She wasn’t wrong– within three seconds of opening my bag, a huge group of youngsters crowded around me, eagerly reaching out their hands.  While passing out snacks, I made my way over to the playground, and eventually ended up on the seesaw.  I wasn’t the only adult who was willing to have a little fun, and soon enough there was another group of young children fighting to be the one to play with us.

The recess bell rang, sounding more like a bomb-warning siren than anything else, and the kids reluctantly ran off.  Two by two, my classmates and I were placed in rooms to work with the students.  My partner and I stayed with chatty five- and six-year olds.  Gradually, they came to us, wanting help with the sums they were practicing and full of questions about our lives in the United States.

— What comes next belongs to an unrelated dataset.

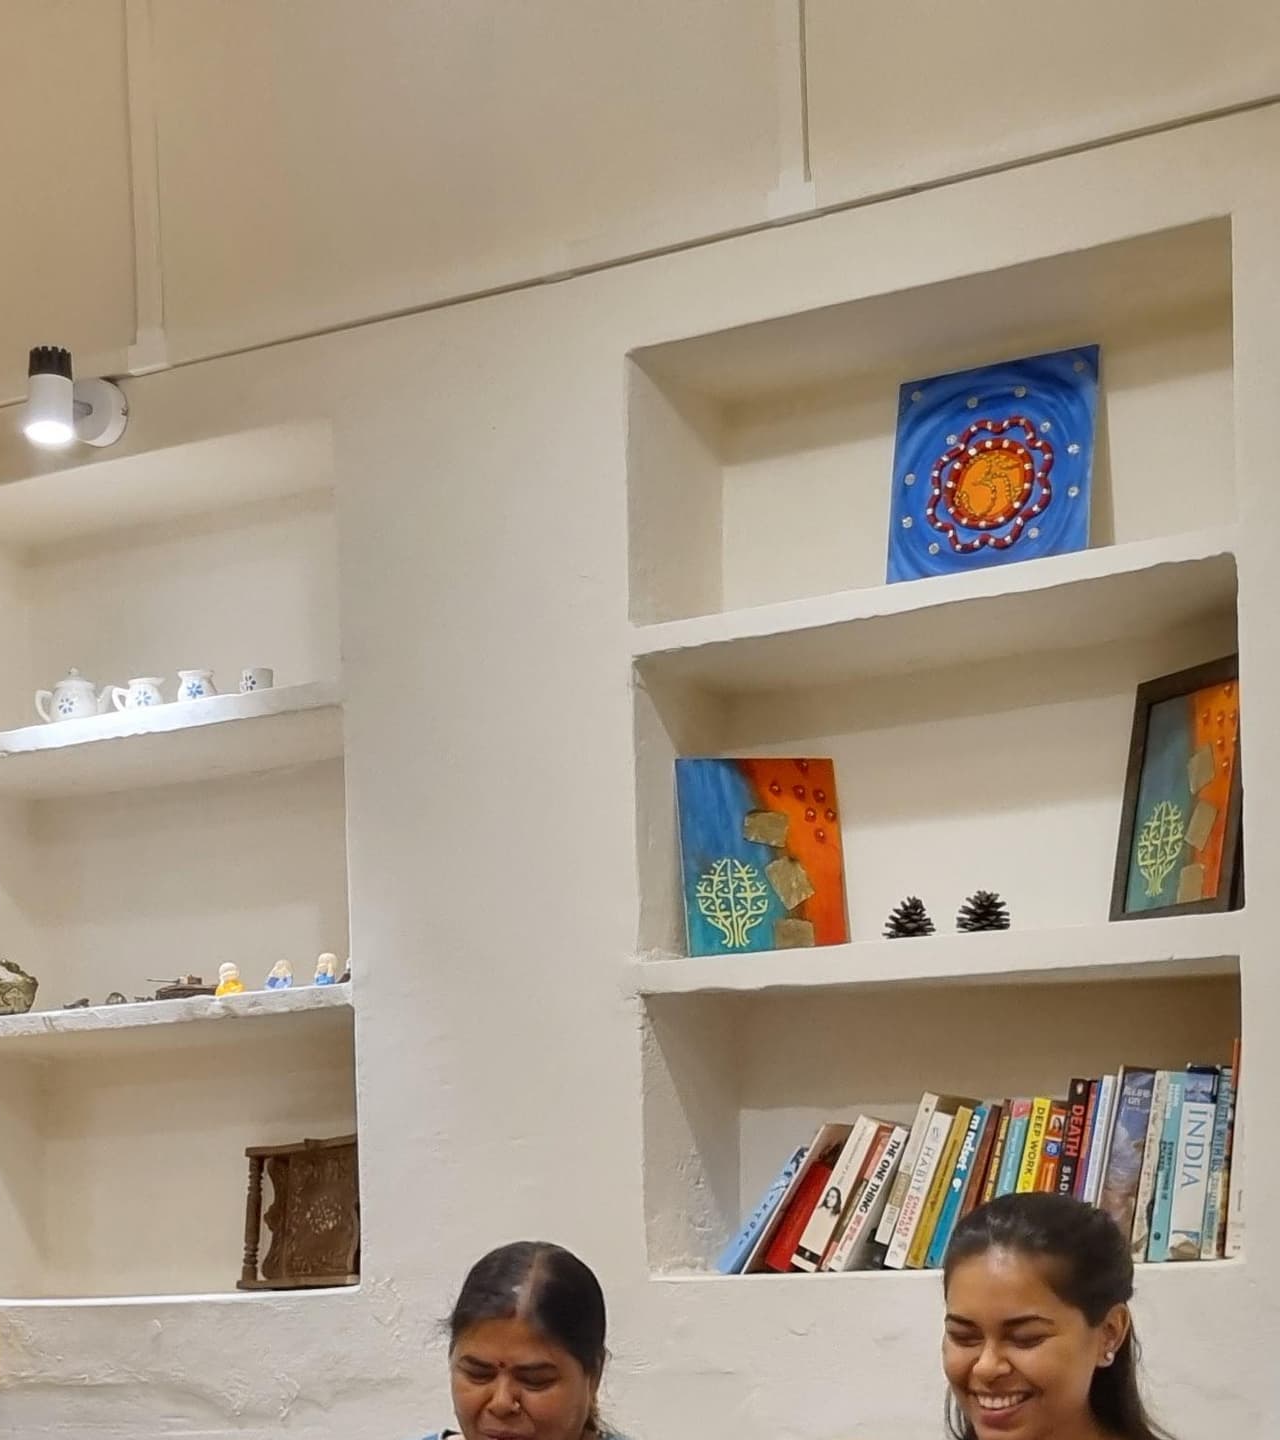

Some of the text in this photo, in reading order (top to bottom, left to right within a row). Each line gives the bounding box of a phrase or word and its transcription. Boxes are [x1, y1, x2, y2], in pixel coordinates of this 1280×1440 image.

In Ecuador, being punctual is not as strict as it is in the United States, and true to Ecuadorian spirit, my partner and I were almost fifteen minutes late to our next meeting– but only because the children were sad to see us go.  As we walked to the front of the class to say goodbye, they crowded around us, wrapping their arms around our knees and thanking us for our help.

Eventually, we made our way out of the class and onto a bus that would take us to Papallacta.  We napped and conversed for about an hour, finding ourselves surrounded by massive mountains and new vegetation, before finally arriving at the hot spring.  It seemed like the only thing around us were a river and the mountains; other than that, we were beautifully isolated in the Andes.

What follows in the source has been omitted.